TASK PROMPT
Your copy of the data should leave out the images and match everything else exactly.

EXERCISE DATA
________________________________________

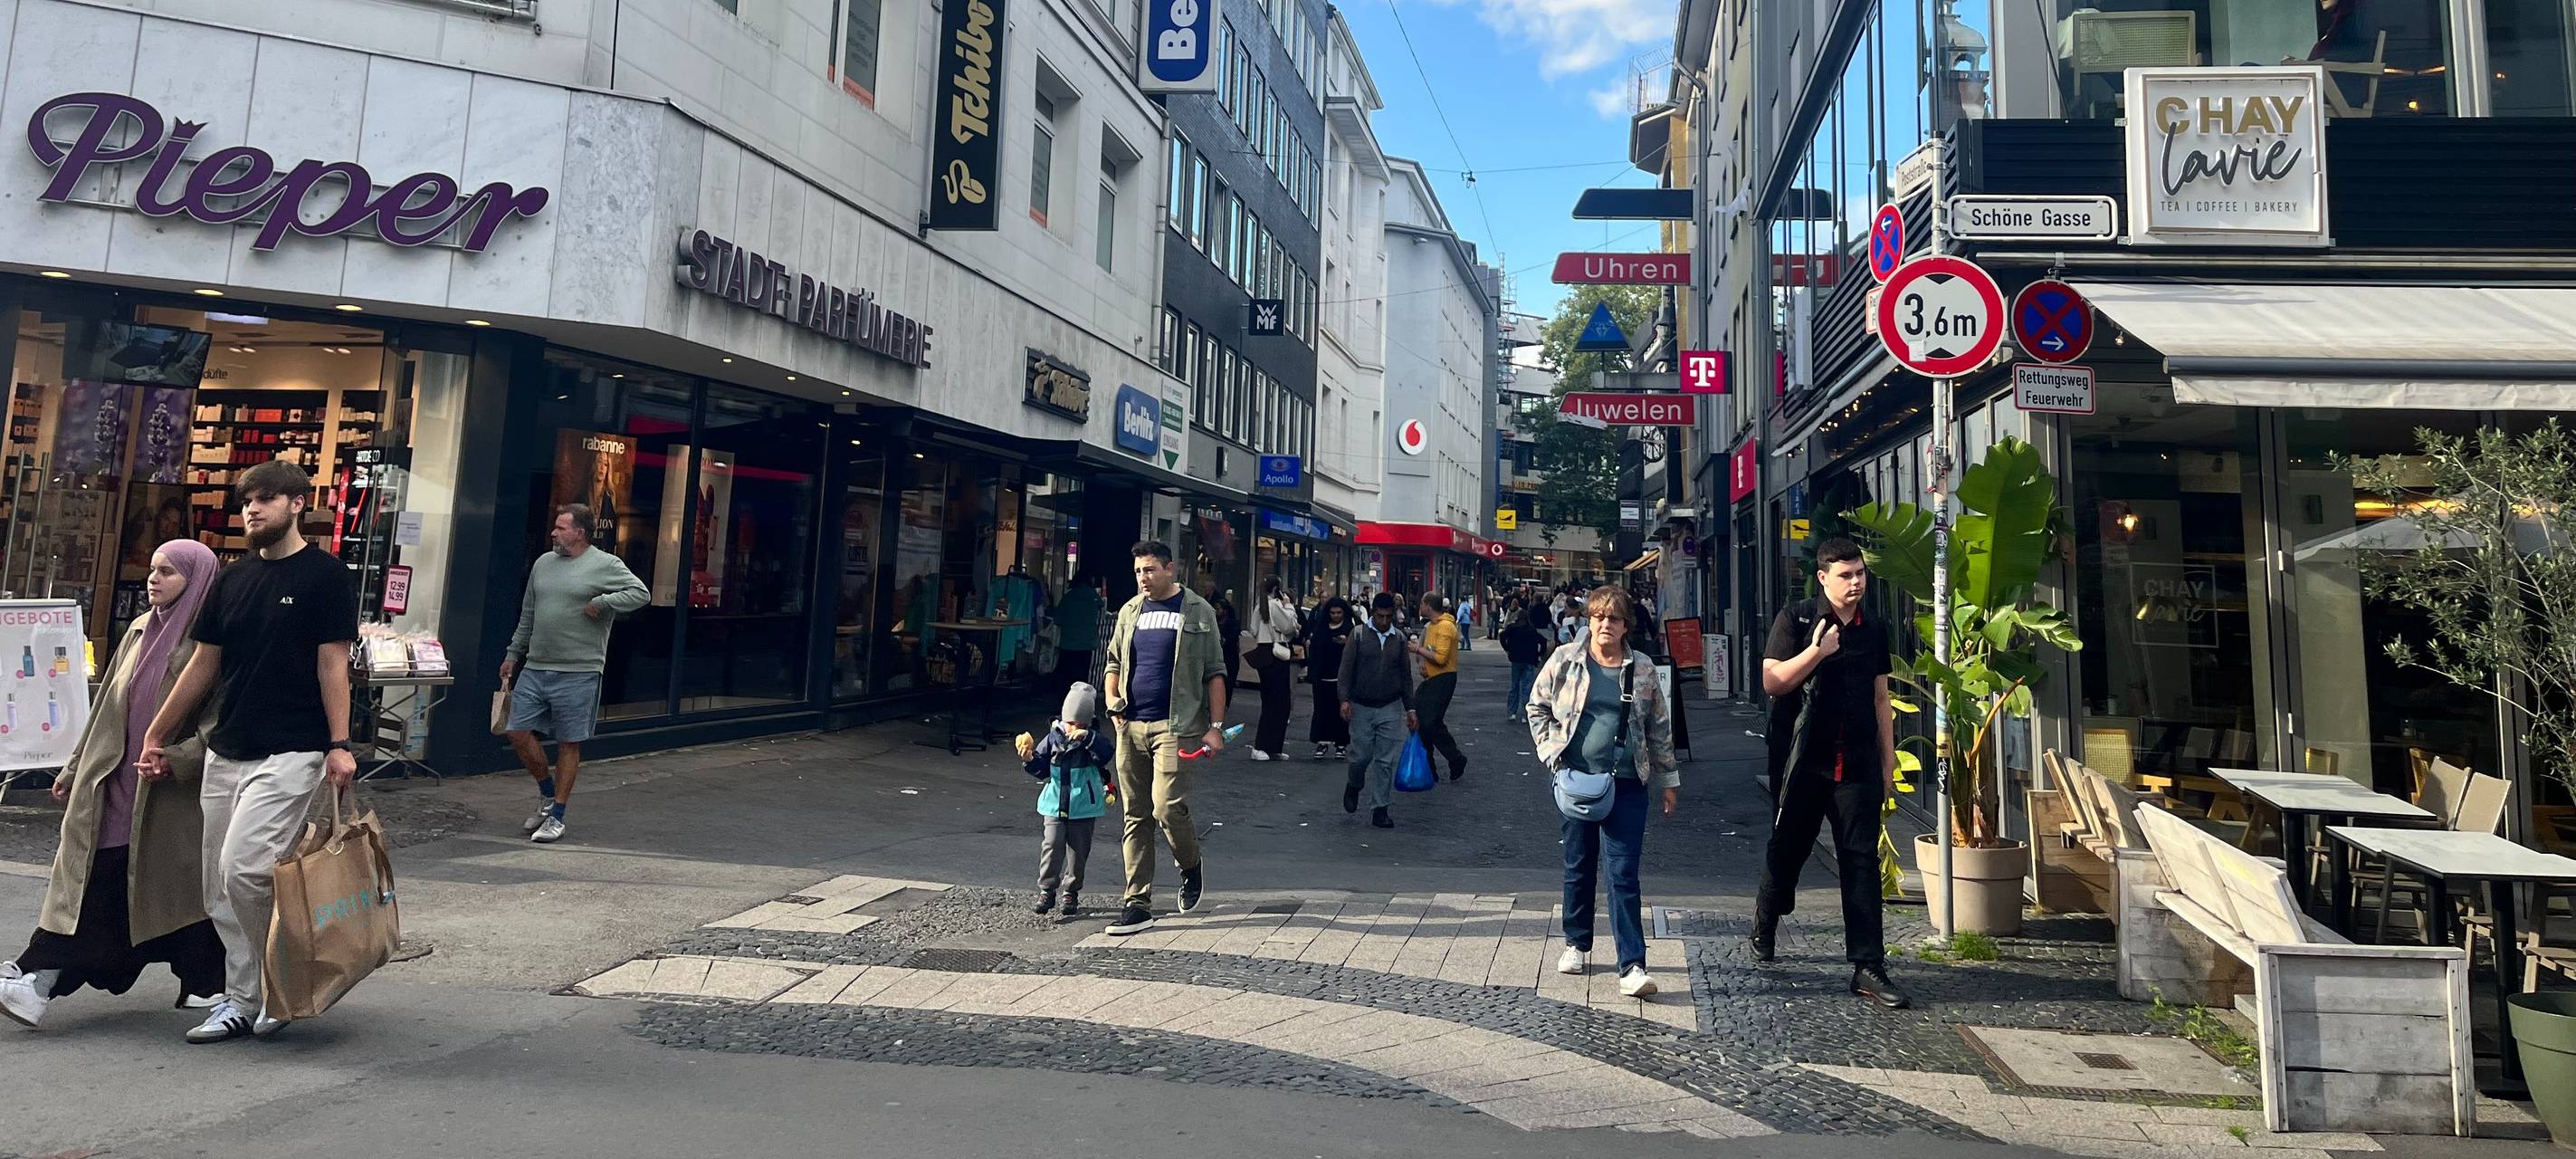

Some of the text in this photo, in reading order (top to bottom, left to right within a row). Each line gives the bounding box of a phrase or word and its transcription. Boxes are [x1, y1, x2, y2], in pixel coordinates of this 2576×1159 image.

[951, 0, 995, 144] Tchibo
[2156, 96, 2304, 135] CHAY
[26, 91, 549, 253] Pieper
[1971, 207, 2091, 226] Schöne Gasse
[2161, 201, 2298, 213] TEA COFFEE BAKERY
[1584, 257, 1678, 279] Uhren
[2018, 369, 2089, 390] Rettungsweg
[2025, 390, 2085, 407] Feuerwehr
[1570, 398, 1682, 421] Juwelen
[1123, 401, 1154, 442] Berlitz
[582, 436, 625, 454] rabanne
[1264, 474, 1294, 484] Apollo
[2143, 579, 2205, 599] CHAY
[0, 611, 72, 625] GEBOTE
[1136, 610, 1180, 630] UMA
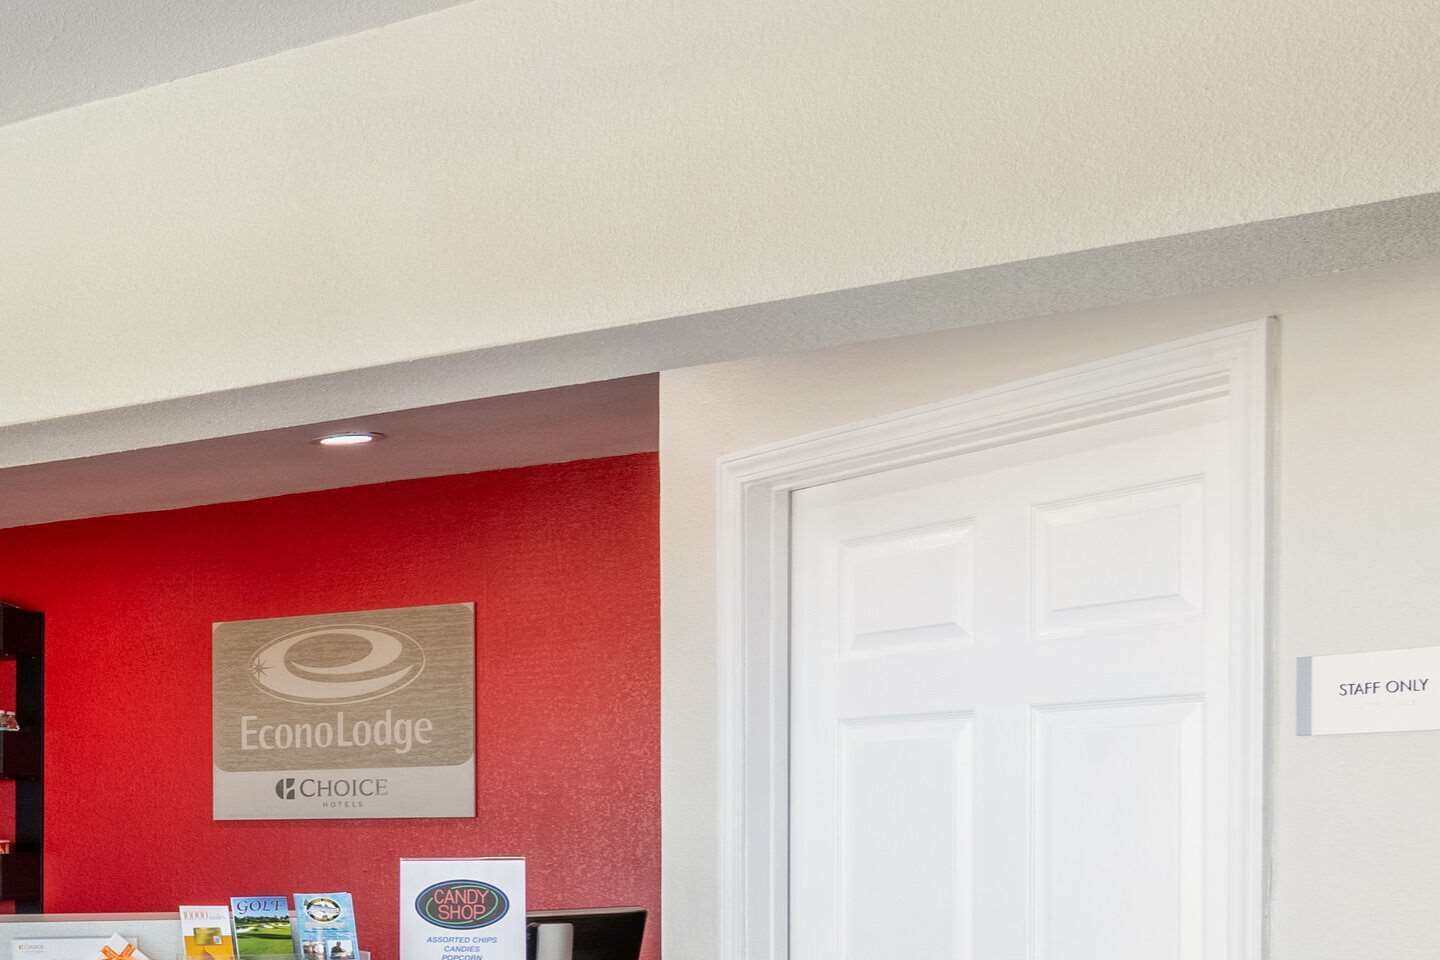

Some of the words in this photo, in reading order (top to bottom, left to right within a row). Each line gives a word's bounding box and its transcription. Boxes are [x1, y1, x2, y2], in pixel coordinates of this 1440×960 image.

[1339, 681, 1380, 697] STAFF
[1385, 678, 1429, 694] ONLY
[240, 709, 433, 754] EconoLodge
[299, 778, 389, 800] CHOICE
[322, 801, 364, 809] HOTELS
[433, 889, 489, 905] CANDY
[437, 904, 486, 920] SHOP
[426, 936, 471, 944] ASSORTED
[472, 936, 498, 944] CHIPS
[443, 945, 481, 953] CANDIES

________________________________________

RESPONSE BELOW
Some of the text in this photo, in reading order (top to bottom, left to right within a row). Each line gives the bounding box of a phrase or word and its transcription. Boxes are [x1, y1, x2, y2], in pixel coordinates of this 2576×1159 image.

[951, 0, 995, 144] Tchibo
[2156, 96, 2304, 135] CHAY
[26, 91, 549, 253] Pieper
[1971, 207, 2091, 226] Schöne Gasse
[2161, 201, 2298, 213] TEA COFFEE BAKERY
[1584, 257, 1678, 279] Uhren
[2018, 369, 2089, 390] Rettungsweg
[2025, 390, 2085, 407] Feuerwehr
[1570, 398, 1682, 421] Juwelen
[1123, 401, 1154, 442] Berlitz
[582, 436, 625, 454] rabanne
[1264, 474, 1294, 484] Apollo
[2143, 579, 2205, 599] CHAY
[0, 611, 72, 625] GEBOTE
[1136, 610, 1180, 630] UMA

Some of the words in this photo, in reading order (top to bottom, left to right within a row). Each line gives a word's bounding box and its transcription. Boxes are [x1, y1, x2, y2], in pixel coordinates of this 1440×960 image.

[1339, 681, 1380, 697] STAFF
[1385, 678, 1429, 694] ONLY
[240, 709, 433, 754] EconoLodge
[299, 778, 389, 800] CHOICE
[322, 801, 364, 809] HOTELS
[433, 889, 489, 905] CANDY
[437, 904, 486, 920] SHOP
[426, 936, 471, 944] ASSORTED
[472, 936, 498, 944] CHIPS
[443, 945, 481, 953] CANDIES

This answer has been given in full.